For other Cuda applications, this seems to be possible as long as I specify the correct target GPU generation and do static linking of runtime into the application when I run ‘nvcc’ (at the cost of having a much fatter binary).

But does this hold true for MxNet as well? Is there anything about MxNet that makes it not runnable on a machine with a more recent Cuda version?

I tried running MxNet for Cuda 9 on Cuda 10 machine but it keeps looking for libcudart.so.9.0 .

Thanks!

Why don’t you install mxnet-cu100?
If you are running on Linux, you can do a ldd libmxnet.so. This will show you which libraries it requires. For instance in the following case libmxnet requires libcudart.so.9.0. If it cannot find this library with it will just crash.

ldd /home/ec2-user/anaconda3/envs/mxnet_p36/lib/python3.6/site-packages/mxnet/libmxnet.so
        libcudart.so.9.0 => /usr/local/cuda/lib64/libcudart.so.9.0 
        libcublas.so.9.0 => /usr/local/cuda/lib64/libcublas.so.9.0 
        libcurand.so.9.0 => /usr/local/cuda/lib64/libcurand.so.9.0 
        libcusolver.so.9.0 => /usr/local/cuda/lib64/libcusolver.so.9.0 
        libmklml_intel.so => /home/ec2-user/anaconda3/envs/mxnet_p36/lib/python3.6/site-packages/mxnet/libmklml_intel.so 
        libiomp5.so => /home/ec2-user/anaconda3/envs/mxnet_p36/lib/python3.6/site-packages/mxnet/libiomp5.so 
        librt.so.1 => /lib64/librt.so.1
        libmkldnn.so.0 => /home/ec2-user/anaconda3/envs/mxnet_p36/lib/python3.6/site-packages/mxnet/libmkldnn.so.0
        libdl.so.2 => /lib64/libdl.so.2 
        libgfortran.so.3 => /home/ec2-user/anaconda3/envs/mxnet_p36/lib/python3.6/site-packages/mxnet/libgfortran.so.3 
        libcufft.so.9.0 => /usr/local/cuda/lib64/libcufft.so.9.0 
        libstdc++.so.6 => /usr/lib64/libstdc++.so.6 
        libm.so.6 => /lib64/libm.so.6 
        libgcc_s.so.1 => /lib64/libgcc_s.so.1 
        libpthread.so.0 => /lib64/libpthread.so.0 
        libc.so.6 => /lib64/libc.so.6 
        /lib64/ld-linux-x86-64.so.2 
        libquadmath.so.0 => /home/ec2-user/anaconda3/envs/mxnet_p36/lib/python3.6/site-packages/mxnet/libquadmath.so.0

Thanks for the response.
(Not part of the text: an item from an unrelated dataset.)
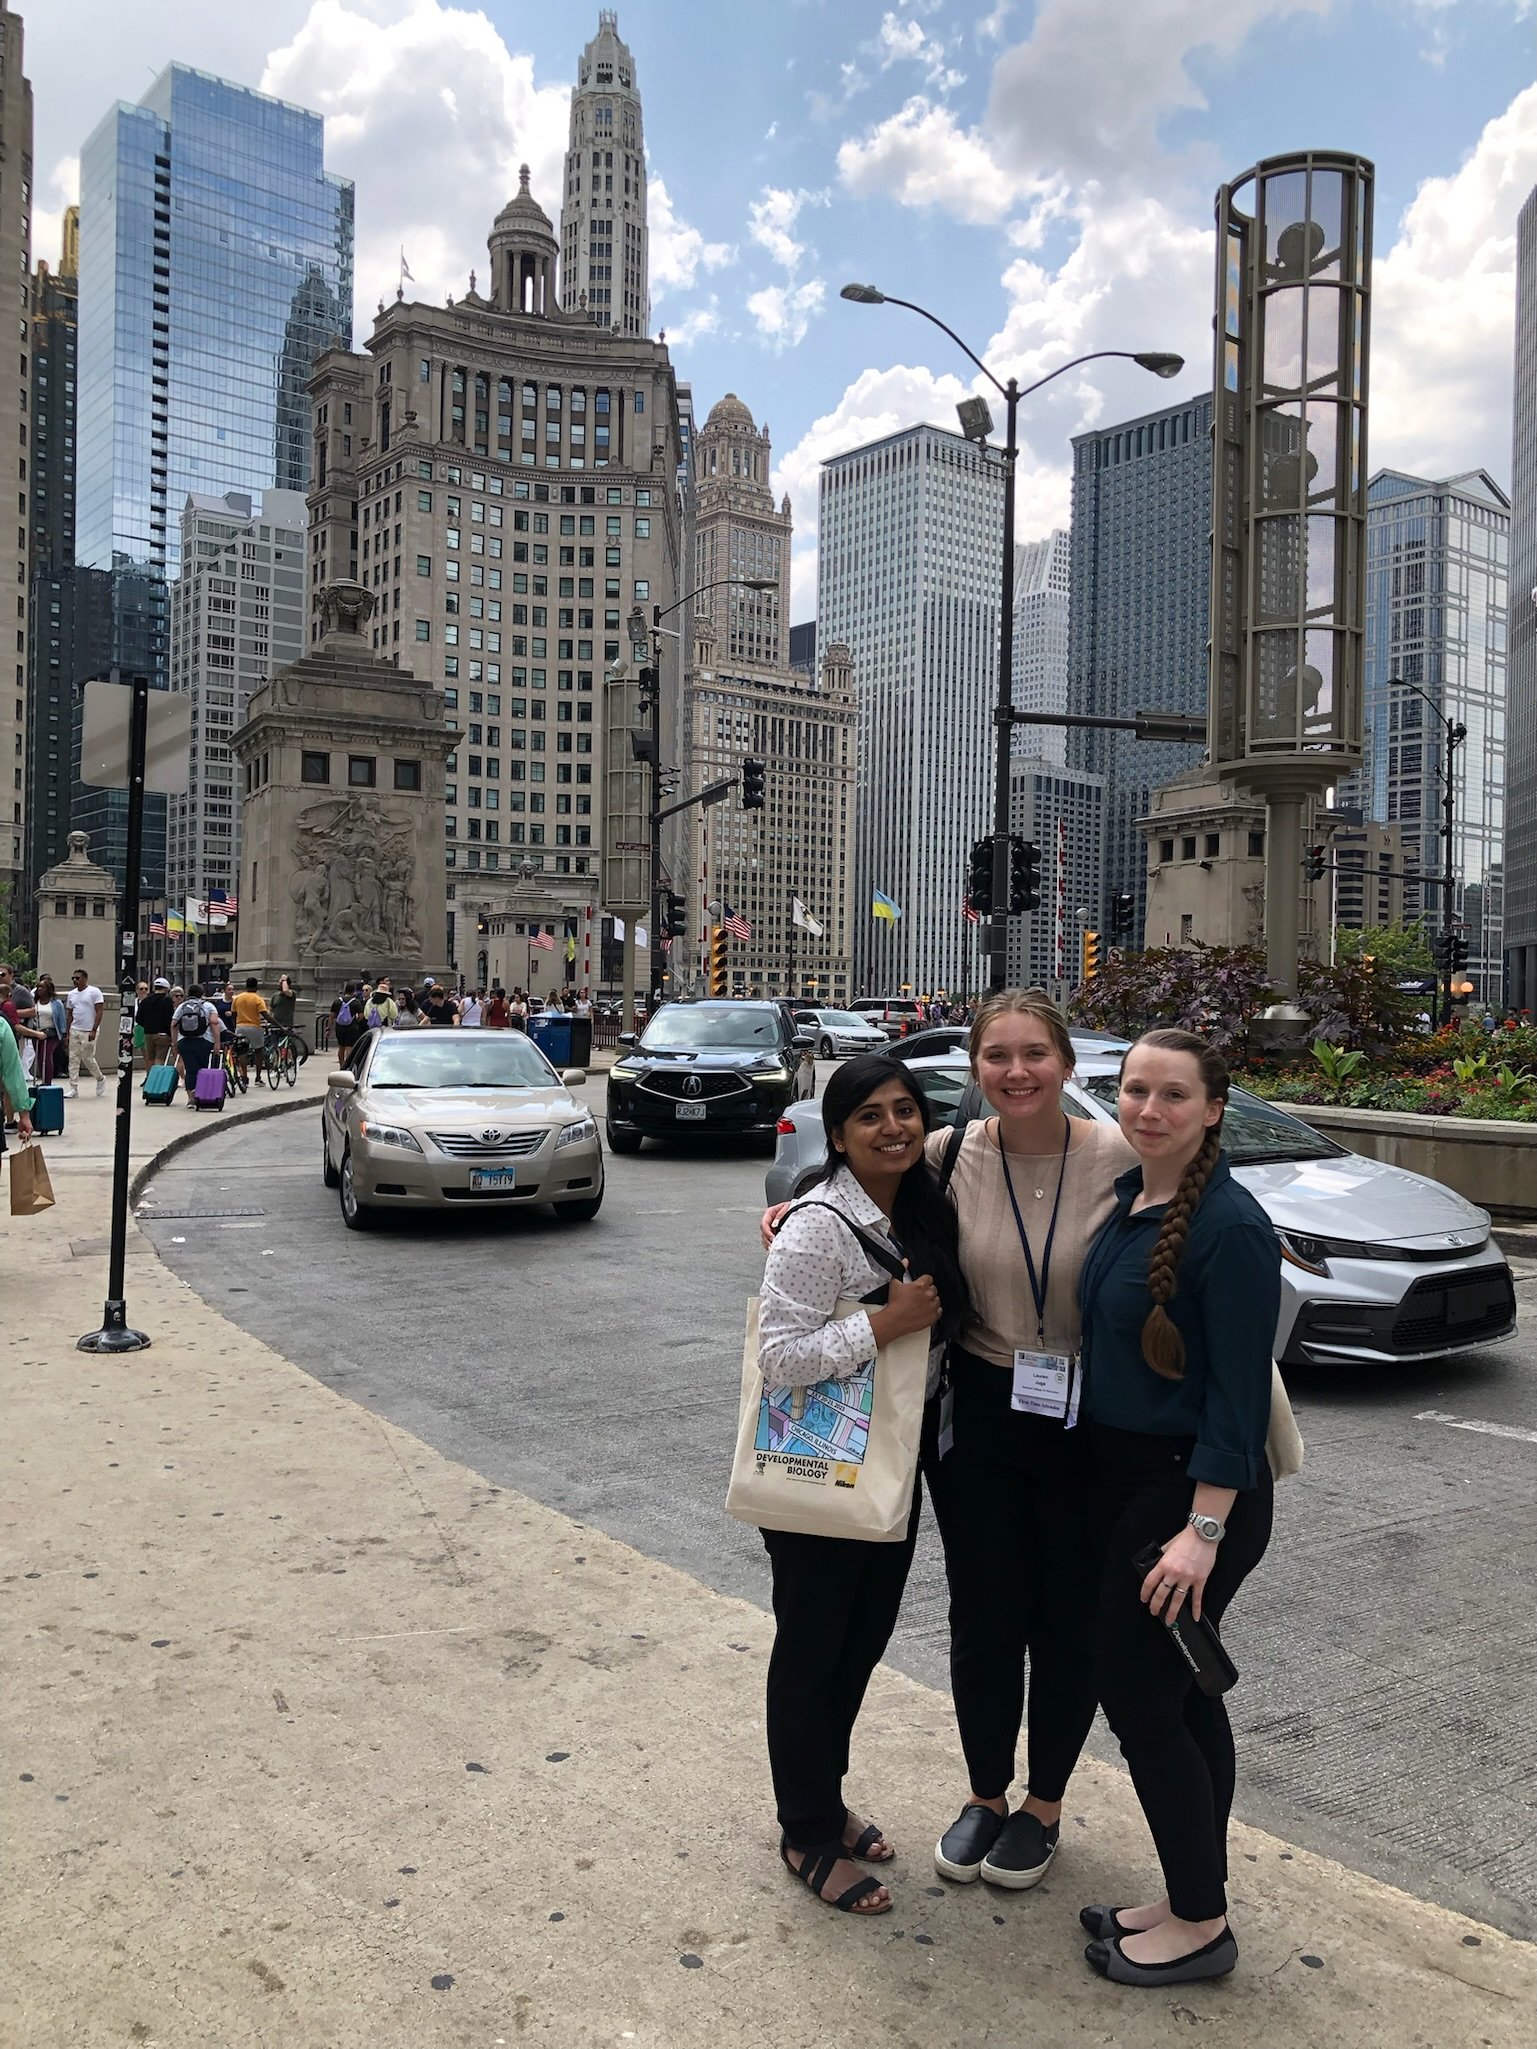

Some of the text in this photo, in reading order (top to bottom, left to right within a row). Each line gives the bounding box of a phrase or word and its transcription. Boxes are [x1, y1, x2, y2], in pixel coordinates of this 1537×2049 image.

I’m trying to build the binary once that is forward compatible both in terms of GPU generation and Cuda versions.

For other cuda applications, this is possible when you specify ‘arch’ and ‘cudart’ to statically link the runtime into the binary, but I always want this to be true for MxNet as well.
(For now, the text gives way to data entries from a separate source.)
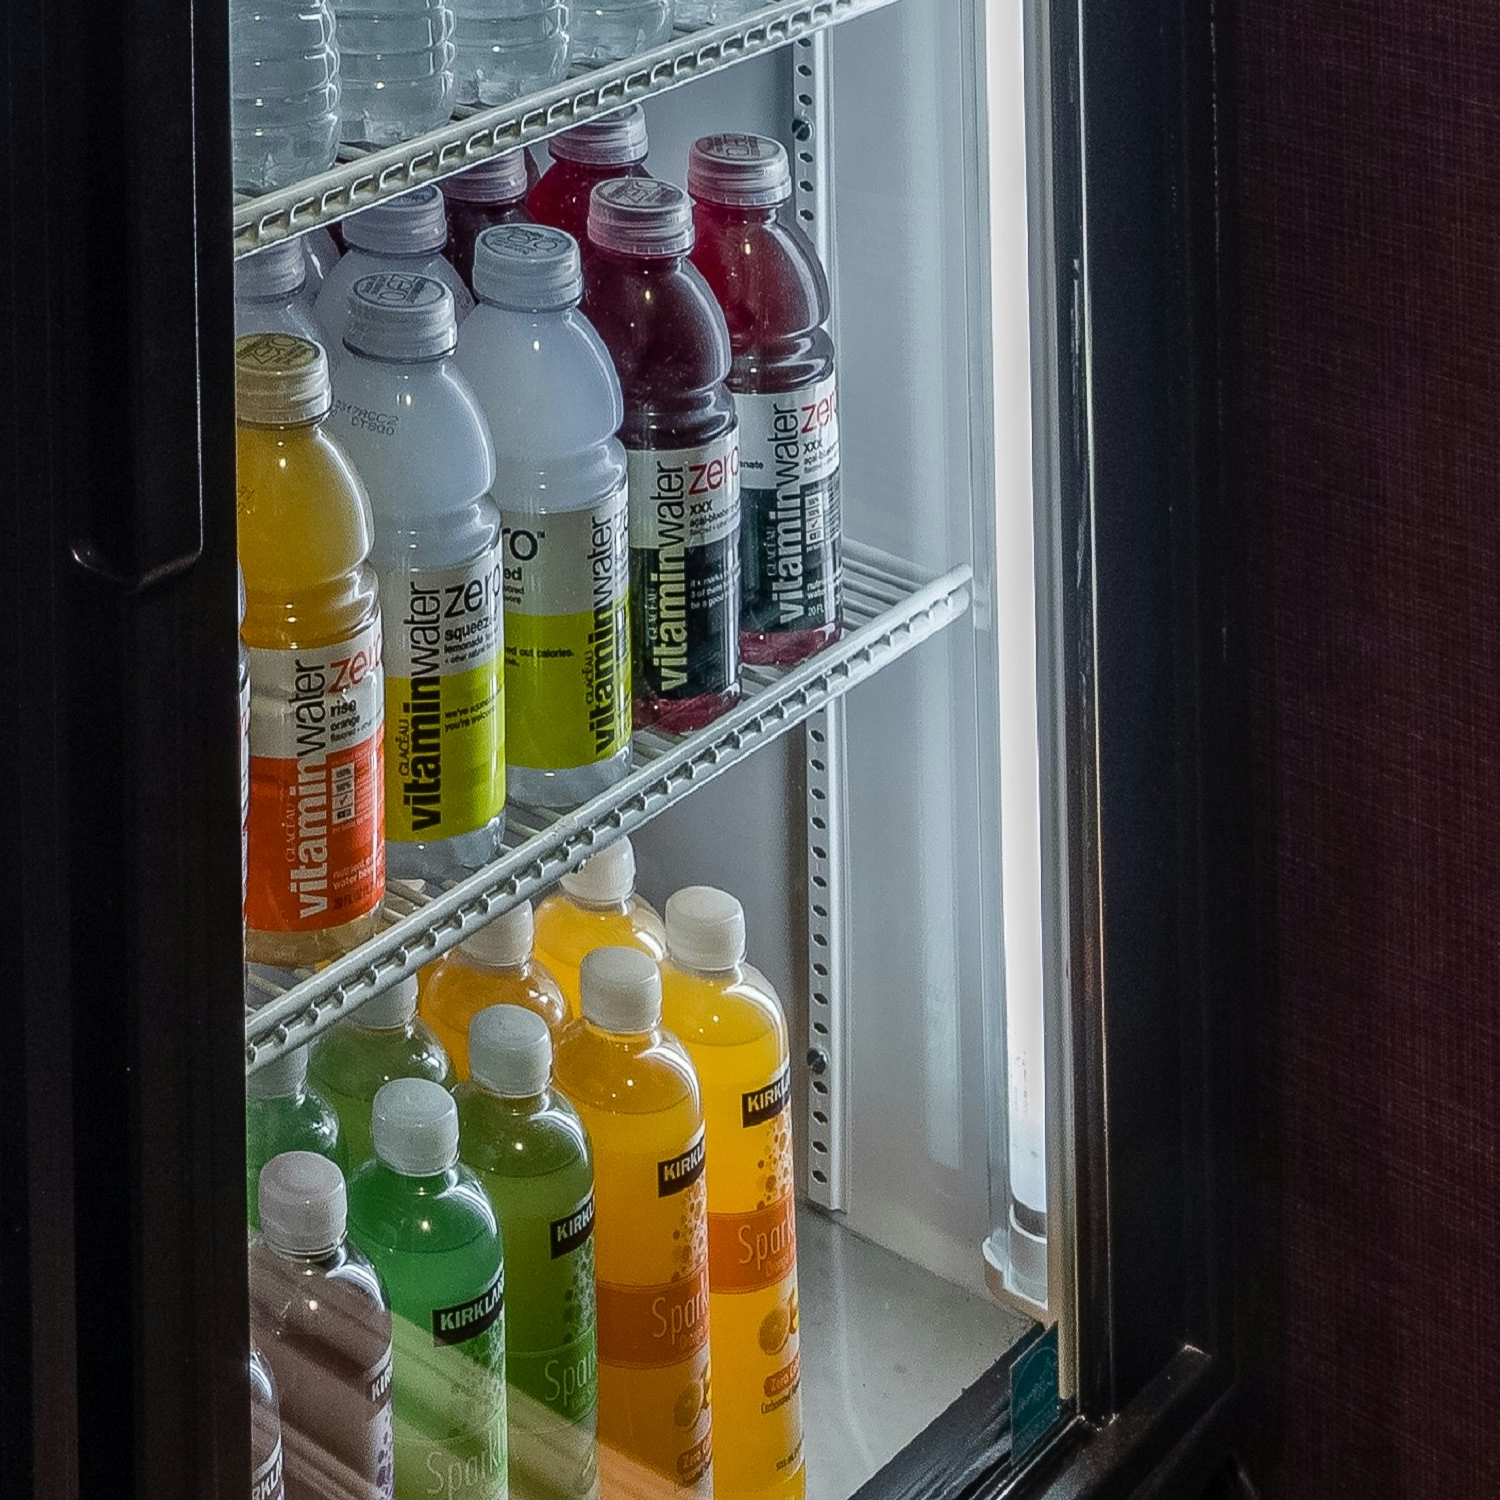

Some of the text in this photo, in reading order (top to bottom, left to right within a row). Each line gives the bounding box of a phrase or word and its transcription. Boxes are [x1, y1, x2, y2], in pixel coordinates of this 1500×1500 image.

[689, 446, 739, 495] zero
[768, 403, 804, 623] vitaminwater
[445, 562, 500, 618] zero
[650, 460, 688, 691] vitaminwater
[329, 634, 381, 694] zero
[330, 700, 357, 717] rise
[330, 715, 360, 731] orange
[404, 581, 441, 831] vitaminwater
[290, 659, 328, 918] vitaminwater
When you build MXNet from source, it will create a shared and a static library. Did you set the CMAKE options CUDA_USE_STATIC_CUDA_RUNTIME and CUDA_cudart_static_LIBRARY?
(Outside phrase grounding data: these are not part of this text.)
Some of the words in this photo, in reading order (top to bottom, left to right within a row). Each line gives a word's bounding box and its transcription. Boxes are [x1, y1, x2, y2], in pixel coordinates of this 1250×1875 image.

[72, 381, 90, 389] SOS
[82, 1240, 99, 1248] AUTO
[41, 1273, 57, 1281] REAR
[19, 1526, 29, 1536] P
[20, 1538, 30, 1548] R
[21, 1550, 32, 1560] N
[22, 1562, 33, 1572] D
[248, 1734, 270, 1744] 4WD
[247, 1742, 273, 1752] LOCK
Thanks for the information.

But could you explain how I should use these options?

Currently, I’m building ‘libmxnet.so’ from source, then install python bindings. At which point should I use those two options you mentioned?

Before building MXNet, you can go to the src directory and configure it with ccmake . In case you don’t have ccmake installed: sudo apt-get install cmake-curses-gui. Then in the src directory of MXNet do:
ccmake .
Then you need to configure the CMakeCache, this will load all the options. You may need to press t to switch into the advanced mode (some options may be hidden). Once all options are loaded, you can start configuring them (e.g. setting options like CUDA_USE_STATIC_CUDA_RUNTIME). Once this is done you need to configure CMake: this will check all the dependencies. If there are no missing dependencies you can generate the Makefile afterwards. Once you have the Makefile you can compile MXNet with make.